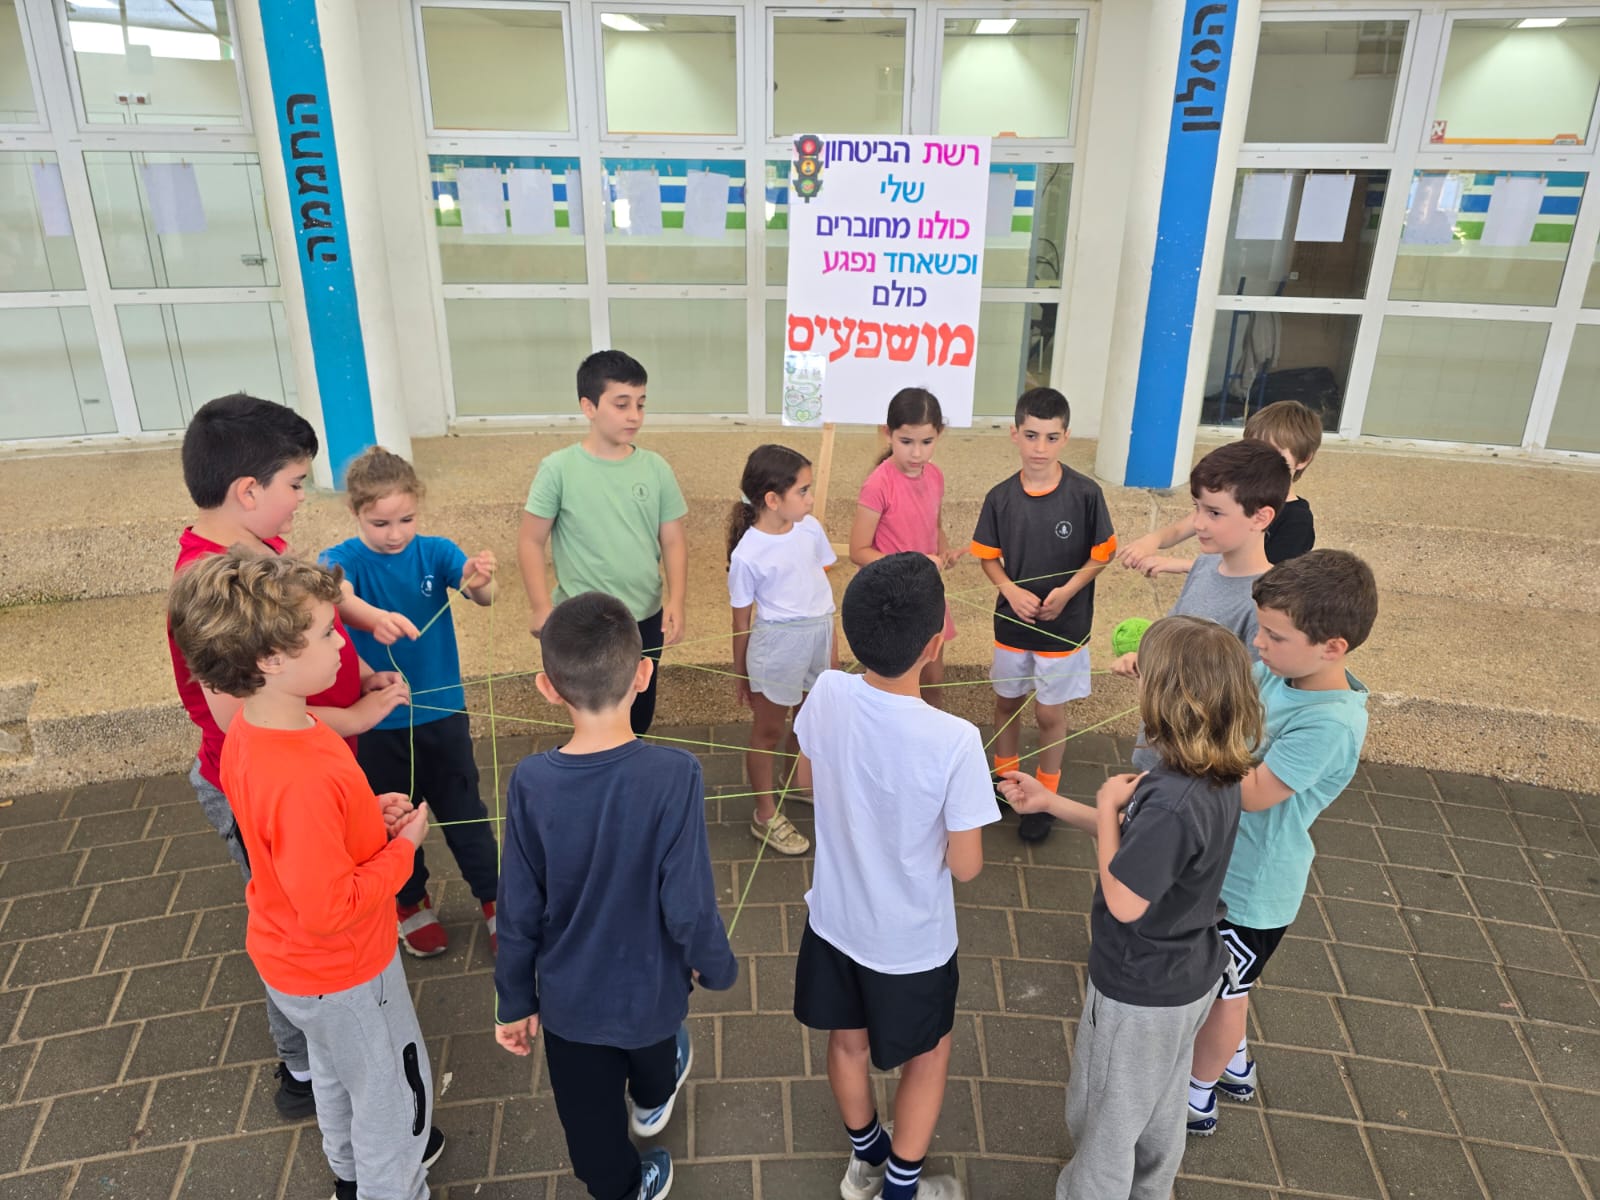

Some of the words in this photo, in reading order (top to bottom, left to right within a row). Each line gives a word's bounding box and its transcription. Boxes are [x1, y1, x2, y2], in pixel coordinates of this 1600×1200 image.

[1175, 3, 1228, 132] הסלון
[824, 141, 911, 169] הביטחון
[922, 142, 980, 167] רשת
[286, 93, 338, 263] החממה
[880, 173, 926, 204] שלי
[816, 215, 911, 239] מחוברים
[917, 210, 971, 240] כולנו
[822, 250, 876, 274] נפגע
[883, 251, 978, 275] וכשאחד
[872, 279, 927, 307] כולם
[787, 313, 975, 367] מושפעים

===

▶ **Exercise details**:
All of the entries above are to be transcribed word for word, with no pictures included.

▶ **Answer area**:
Some of the words in this photo, in reading order (top to bottom, left to right within a row). Each line gives a word's bounding box and its transcription. Boxes are [x1, y1, x2, y2], in pixel coordinates of this 1600×1200 image.

[1175, 3, 1228, 132] הסלון
[824, 141, 911, 169] הביטחון
[922, 142, 980, 167] רשת
[286, 93, 338, 263] החממה
[880, 173, 926, 204] שלי
[816, 215, 911, 239] מחוברים
[917, 210, 971, 240] כולנו
[822, 250, 876, 274] נפגע
[883, 251, 978, 275] וכשאחד
[872, 279, 927, 307] כולם
[787, 313, 975, 367] מושפעים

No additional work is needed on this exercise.